Requirement: Copy each of the entries below faithfully, setting aside any pictures.

>>

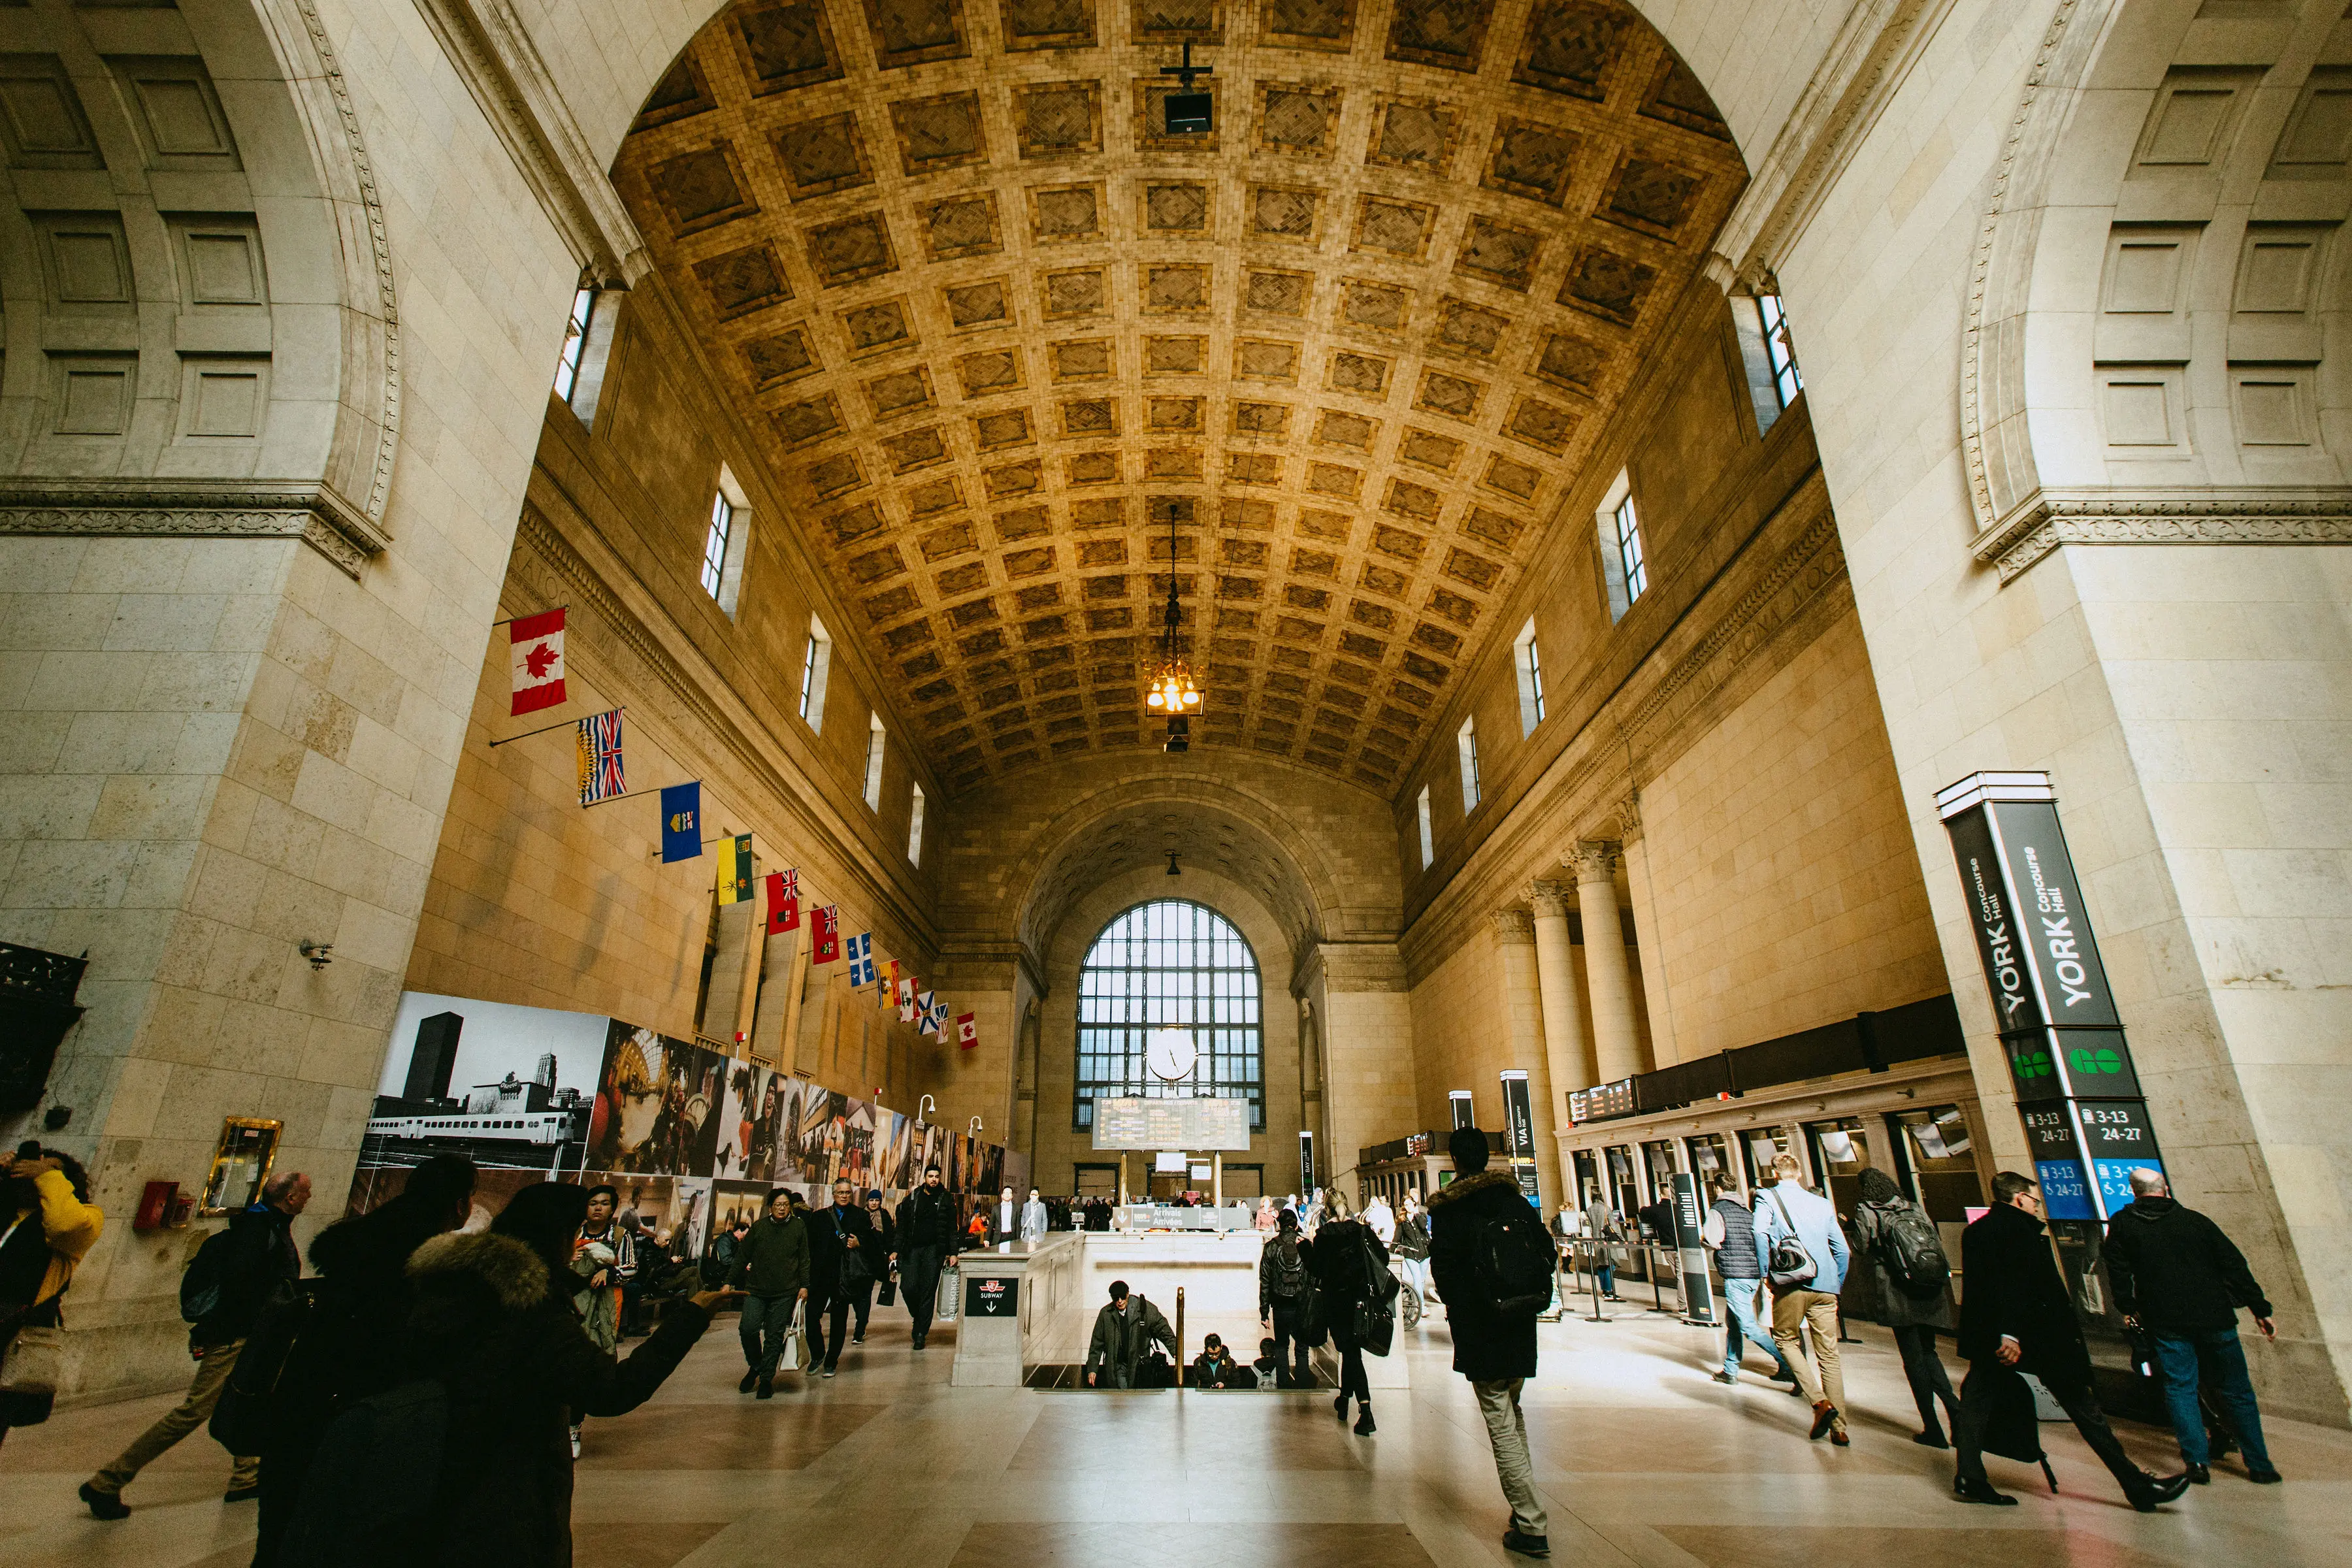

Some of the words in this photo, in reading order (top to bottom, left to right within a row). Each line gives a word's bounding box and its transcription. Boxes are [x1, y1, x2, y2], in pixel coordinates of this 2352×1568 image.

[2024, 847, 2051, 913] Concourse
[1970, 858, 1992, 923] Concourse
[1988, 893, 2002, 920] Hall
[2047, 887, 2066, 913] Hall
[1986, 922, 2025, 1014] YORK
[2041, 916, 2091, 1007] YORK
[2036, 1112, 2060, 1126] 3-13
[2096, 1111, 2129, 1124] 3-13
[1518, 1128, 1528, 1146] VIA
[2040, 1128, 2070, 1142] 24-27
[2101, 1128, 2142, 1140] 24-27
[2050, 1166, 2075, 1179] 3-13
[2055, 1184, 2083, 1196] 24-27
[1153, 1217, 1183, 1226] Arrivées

<<

Solution for this problem:
Some of the words in this photo, in reading order (top to bottom, left to right within a row). Each line gives a word's bounding box and its transcription. Boxes are [x1, y1, x2, y2], in pixel coordinates of this 2352×1568 image.

[2024, 847, 2051, 913] Concourse
[1970, 858, 1992, 923] Concourse
[1988, 893, 2002, 920] Hall
[2047, 887, 2066, 913] Hall
[1986, 922, 2025, 1014] YORK
[2041, 916, 2091, 1007] YORK
[2036, 1112, 2060, 1126] 3-13
[2096, 1111, 2129, 1124] 3-13
[1518, 1128, 1528, 1146] VIA
[2040, 1128, 2070, 1142] 24-27
[2101, 1128, 2142, 1140] 24-27
[2050, 1166, 2075, 1179] 3-13
[2055, 1184, 2083, 1196] 24-27
[1153, 1217, 1183, 1226] Arrivées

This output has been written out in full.